Buying a home provides pride of ownership and also requires a commitment to maintaining the property. If something breaks or wears out, you, the owner, are responsible for getting it fixed. The benefits of owning a home are
- Tax deductions - if you itemize your taxes, you can deduct the interest on your loan from the taxes you own
- Appreciation - homes are considered a safe, steady investment, with values that rise while the debt amount you owe drops
- Equity - the difference between what the house is worth (appraised value) and how much money you owe on the loan (mortgage). If you were to sell the house for the appraised value and pay off the mortgage, the equity is the profit you would make from the sale.
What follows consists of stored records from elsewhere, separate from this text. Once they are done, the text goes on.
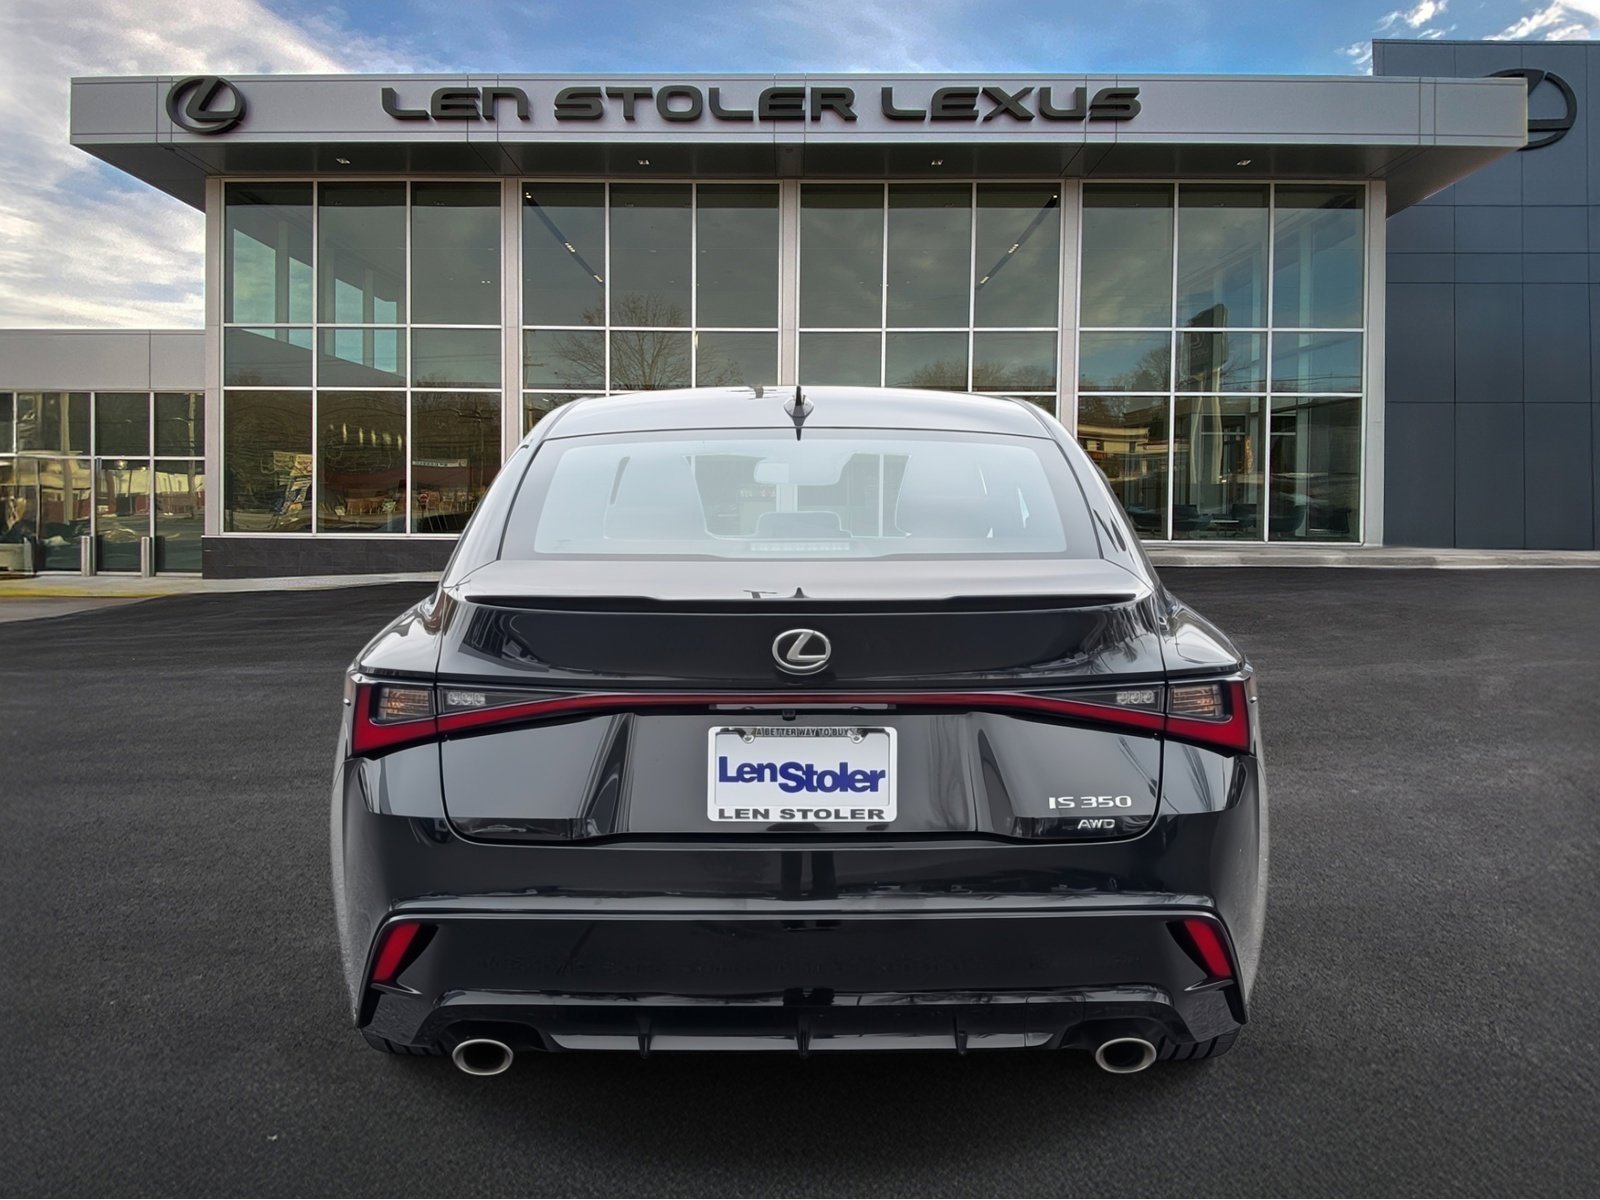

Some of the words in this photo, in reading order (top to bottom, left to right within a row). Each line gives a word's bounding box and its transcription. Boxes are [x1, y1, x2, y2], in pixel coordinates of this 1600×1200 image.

[381, 86, 530, 121] LEN
[553, 84, 857, 121] STOLER
[880, 86, 1142, 121] LEXUS
[764, 727, 797, 736] BETTER
[798, 727, 817, 736] WAY
[819, 727, 831, 736] TO
[1048, 796, 1076, 810] IS
[1080, 795, 1132, 809] 350
[718, 808, 770, 820] LEN
[779, 808, 886, 820] STOLER
[1077, 819, 1116, 830] AWD
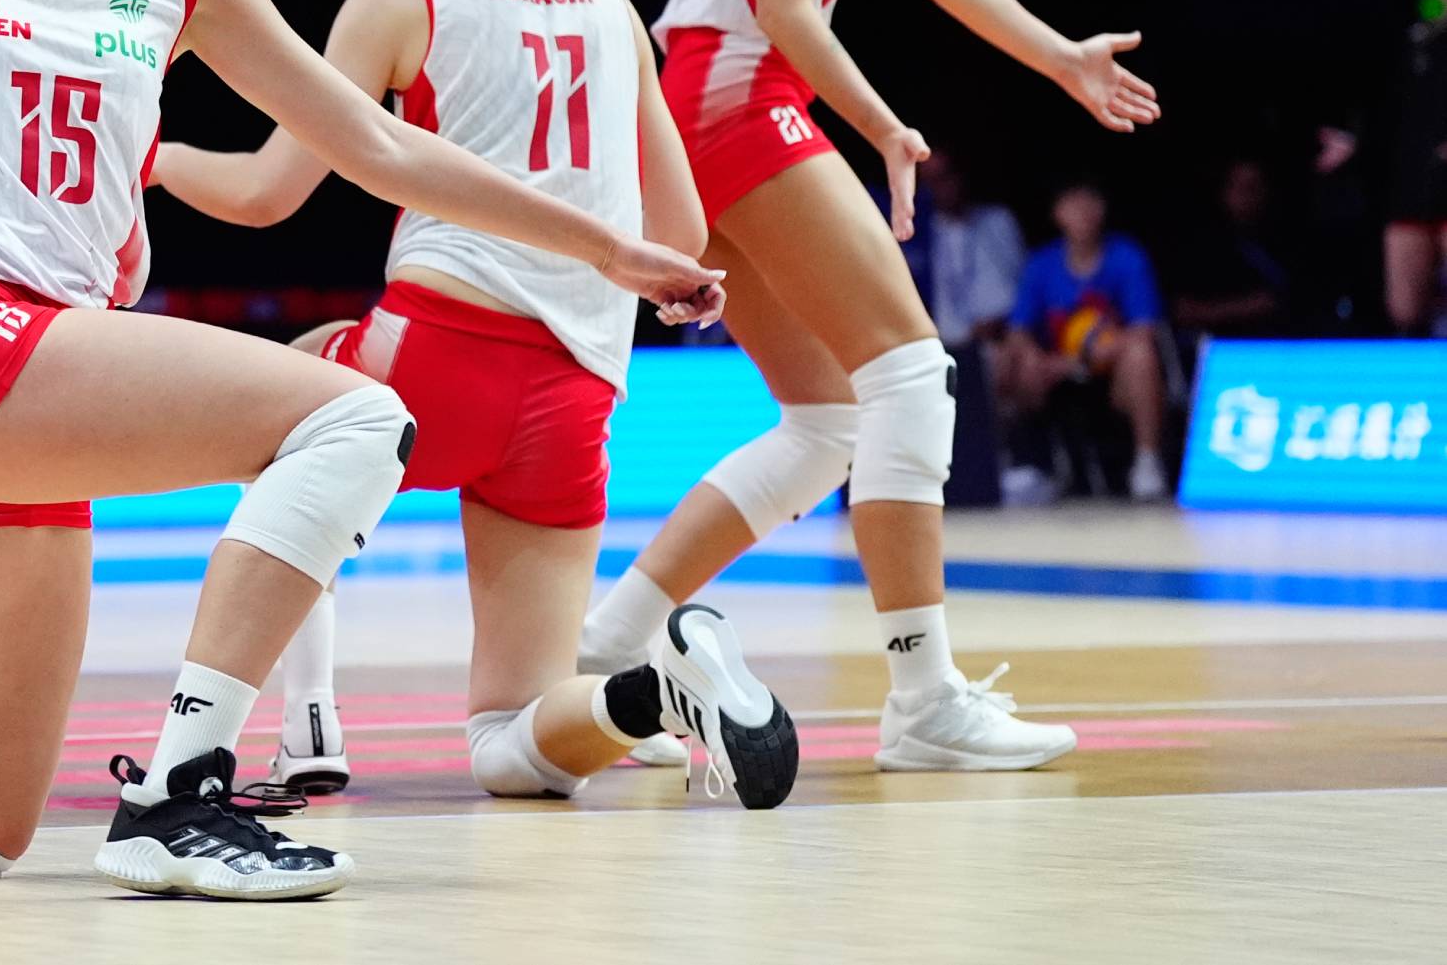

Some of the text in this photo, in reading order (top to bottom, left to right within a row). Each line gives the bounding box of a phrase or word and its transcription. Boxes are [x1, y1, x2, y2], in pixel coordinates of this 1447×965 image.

Generally the longer you pay/own your home, the more profit you make from the sale.
- Borrowing power - the equity above could be used to secure a loan if you needed money, but didn't want to sell your house to get it
- Stability - if you get a fixed rate of interest on your mortgage, your payment would stay the same from year to year unless your loan includes payment of property taxes and insurance, then it would only go up a little compared to rent increases. In contrast, renters cannot control how much their rent will go up every year.
When considering buying a home, it is important to look at many of the same things mentioned above in addition to the size and age of the house or condominium.
If you decide to buy, a good realtor can help locate the house or condominium, negotiate the final price, file the appropriate papers and arrange to close the sale. The realtor will receive a commission which will make the final price of the home more than the negotiated price, but if you do not know what needs to be done in order to close the sale, the realtor is essential.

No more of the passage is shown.